Archive for November, 2011

Masters of the Podium—Charles Dutoit


2011
11.30

Charles Dutoit [b. 1936], a native of Lausanne, Switzerland, has enjoyed a long and highly acclaimed career as a conductor after starting as a professional viola player in 1957 with several European and South American orchestras.  Best known for his 25 years as artistic director of the Montreal Symphony Orchestra [1977–2002], his interest in foreign travel has led him to perform in nearly every country in the world; at last count, his globe-trotting exploits have him reportedly visiting 190-plus nations.

His touring schedule notwithstanding, Dutoit spent the years from 1959 to 1977 quite close to home.  He made his conducting debut with the Radio Lausanne orchestra, led the Radio Zurich Orchestra until 1967, and then spent eleven years as leader of the Bern Symphony Orchestra.  All the while, however, he enjoyed fairly lengthy guest conducting stints in locations as diverse as Mexico City, Gothenburg [Sweden], and Minneapolis.

While with the Montreal Symphony, Dutoit helped turn them into one of North America’s leading ensembles, one that recorded extensively during his tenure, almost exclusively on Decca/London.  He is credited with two Grammy Awards, several Juno Awards—the Canadian equivalent of the Grammies—as well as close to 40 other recording prizes from such countries as Germany, Japan, France, and his homeland of Switzerland.

Dutoit has elected not to specialize in a particular era or style of music, instead presenting an eclectic range of conducting that has encompassed works from the Baroque to the post-modern eras, and has included both orchestral pieces and operas.  Starting in 1990, Dutoit has been artistic director and principal conductor with the Philadelphia Orchestra’s annual summer festival, which is held in Saratoga Springs, New York.  In 1998, he was chosen music director of Tokyo’s NHK Symphony Orchestra, and he led that group on a number of tours across the United States, throughout Europe, and to China and parts of Southeast Asia.  He remains as that organization’s music director emeritus.

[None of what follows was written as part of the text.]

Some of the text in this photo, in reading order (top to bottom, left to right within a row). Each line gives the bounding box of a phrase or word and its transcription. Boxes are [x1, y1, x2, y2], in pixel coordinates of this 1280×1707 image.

His interest in conducting opera has brought him to lead performances at London’s Covent Garden, Berlin’s Deutsche Oper, the Vienna State Opera, and New York’s Metropolitan Opera.  One of his most notable operatic endeavors involved conducting an acclaimed production of the monumental Berlioz work, Les Troyens [“The Trojans”] in Los Angeles.

Dutoit currently fulfills three contractual conducting positions.  He is chief conductor of the Philadelphia Orchestra (through 2012), principal conductor of London’s Royal Philharmonic Orchestra, and music director of Switzerland’s Verbier Festival Orchestra.

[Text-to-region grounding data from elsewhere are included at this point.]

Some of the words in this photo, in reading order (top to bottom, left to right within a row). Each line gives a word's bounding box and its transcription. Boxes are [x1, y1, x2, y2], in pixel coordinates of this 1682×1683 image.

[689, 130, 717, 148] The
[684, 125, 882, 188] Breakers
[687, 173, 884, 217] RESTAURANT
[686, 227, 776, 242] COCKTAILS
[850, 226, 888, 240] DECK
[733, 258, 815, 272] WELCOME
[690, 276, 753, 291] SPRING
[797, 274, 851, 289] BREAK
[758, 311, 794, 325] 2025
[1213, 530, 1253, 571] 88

Charles Dutoit conducts the National Orchestra of France in Maurice Ravel’s Piano Concerto in G Major (complete), with pianist Martha Argerich [1990]:

Modern American Composers—Philip Glass


2011
11.28

Philip Glass [b. 1937] is an American composer whose voluminous output in multiple genres has made him one of the most prolific classical composers of the late 20th and early 21st centuries.  A native of Baltimore, Glass’s early studies took place at Juilliard and the University of Chicago.  He also spent time in Aspen as a student of the French modernist composer, Darius Milhaud.

Glass was awarded a Fulbright scholarship in 1964 and used those funds to finance two years of study in Paris.  His composition teacher was the legendary Nadia Boulanger, but Glass admits to being influenced more by the New Wave movement in art, film and theatre that was sweeping out the older, more staid generation in those fields.  Prior to returning to the States in 1967, Glass spent time in northern India with sitarist Ravi Shankar—the pair had met in Paris and composed a film score together—where he identified strongly with the Tibetan exiles living there, as well as with their Buddhist religion.  This spiritualism would eventually become one of the most significant influences on his music.

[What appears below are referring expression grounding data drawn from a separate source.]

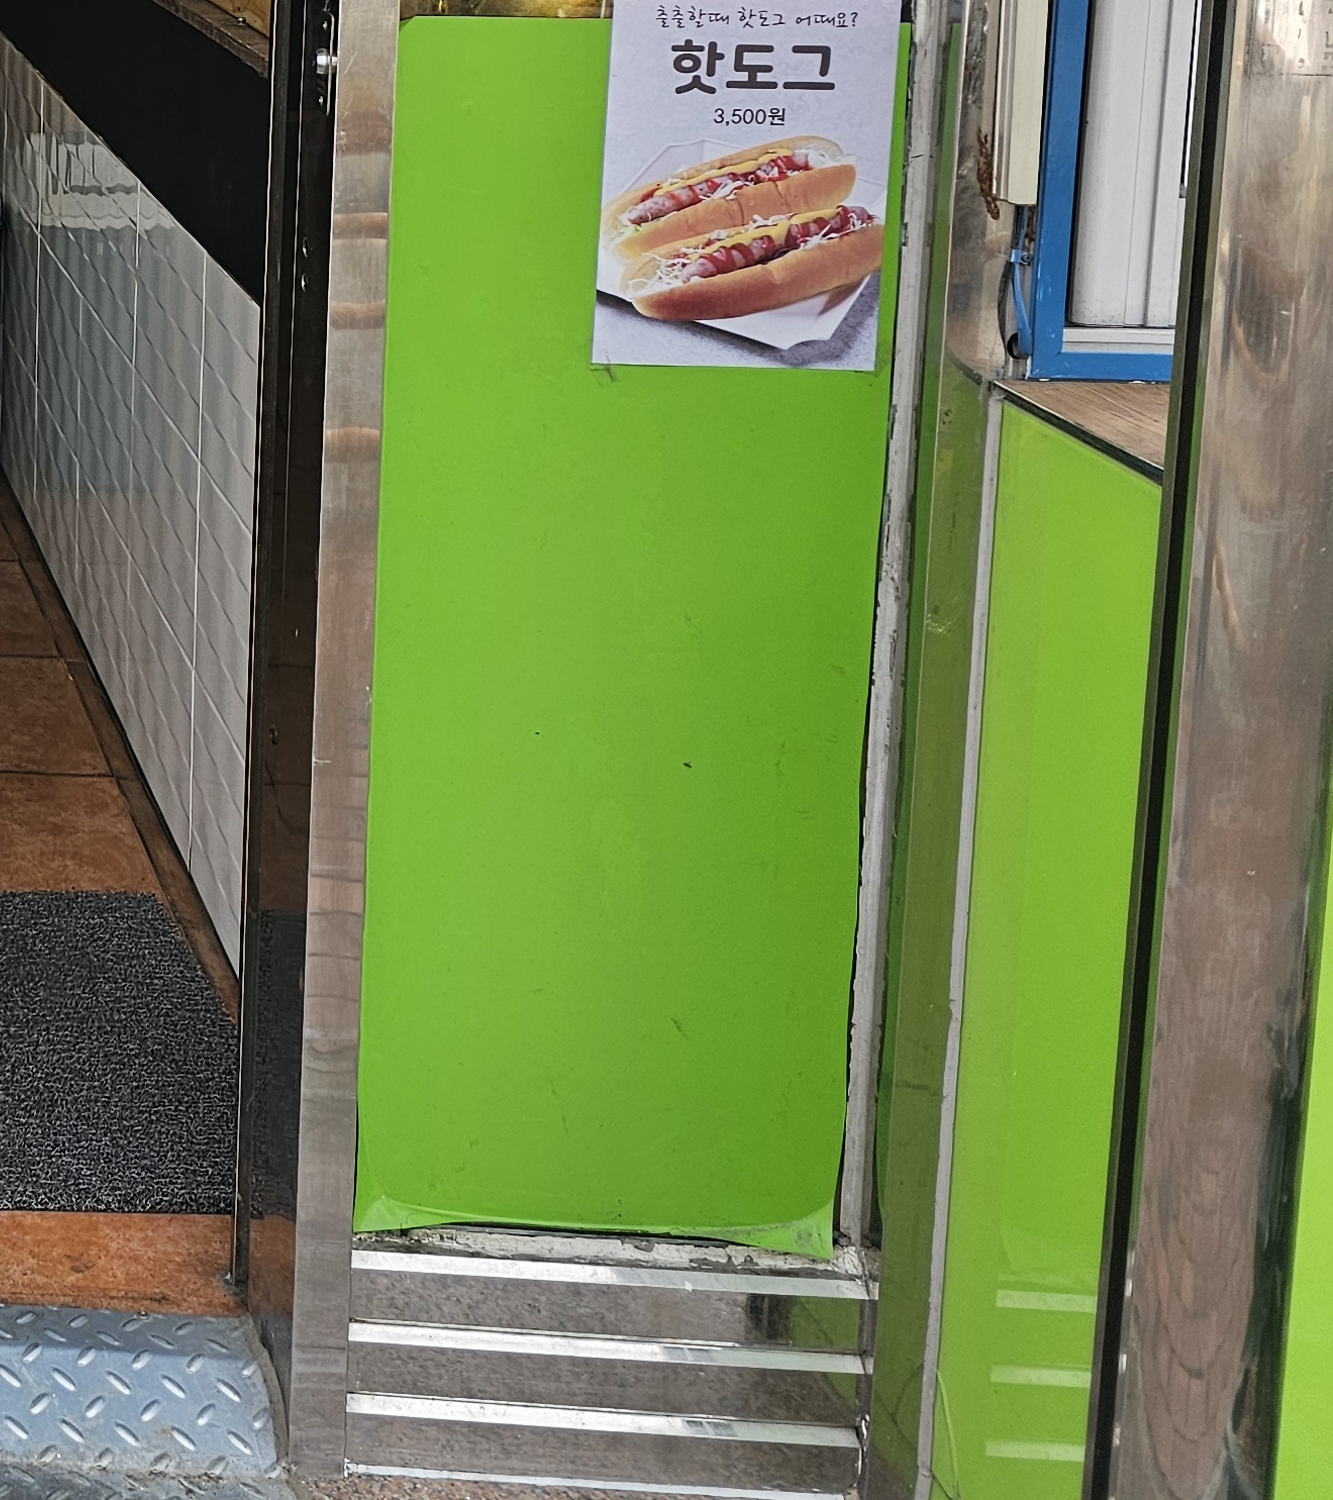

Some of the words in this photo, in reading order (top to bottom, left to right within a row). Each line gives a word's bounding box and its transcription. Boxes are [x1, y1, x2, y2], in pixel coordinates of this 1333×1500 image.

[655, 4, 731, 30] 출출할때
[736, 5, 787, 30] 핫도그
[794, 10, 860, 29] 어때요?
[671, 38, 836, 96] 핫도그
[713, 107, 787, 127] 3,500원

He formed the Philip Glass Ensemble upon his return to New York City, a collection of seven keyboard and woodwind musicians who served as the ideal vehicle for disseminating his early compositions.  At this point considered a post-modernist, Glass began to solidify his sound as one of “repetitive structures,” a musical format that has continued to evolve throughout his career.  Several critical analyses have compared his compositions to “a wall of sound” and “a total immersion in musical notes.”

In 1976, Glass premiered his first major work.  His opera Einstein on the Beach opened in France at the Avignon Festival that summer, followed by a brief run at the Metropolitan Opera in November.  This was to be the first of his “portrait trilogy,” followed by Satyagraha (a biographical sketch of Mohandas Gandhi) in 1979 and Akhnaten (a story of the life of Egyptian pharaoh Amenhotep IV) in 1983.  The Gandhi opera was composed to a libretto entirely in Sanskrit—the Metropolitan Opera has revived it for its 2011–12 season—while Amenhotep’s story is sung in Biblical Hebrew, Akkadian and Ancient Egyptian.

His orchestral works include two violin concertos as well as concertos for cello, piano, and even one for two tympanis plus orchestra.  Glass weaves a number of outside musical influences into his music; for example, his Piano Concerto No. 2 [2004] is subtitled “After Lewis and Clark” and features a Native American flute as one of the prominent solo instruments.  He is also highly regarded as a composer of film scores, including Koyaanisqatsi [1982], a movie with no dialogue or narration that is simply a series of images from across the United States set against a typical wall-of-sound Glass score.  His more conventional film work has included compositions for several documentaries—The Thin Blue Line (about a man convicted for a crime he did not commit), Kundun (a biography of the Dalai Lama), and The Fog of War (an extended interview with former defense secretary Robert McNamara about the Vietnam War)—as well as feature films such as The Illusionist, The Truman Show, and No Reservations.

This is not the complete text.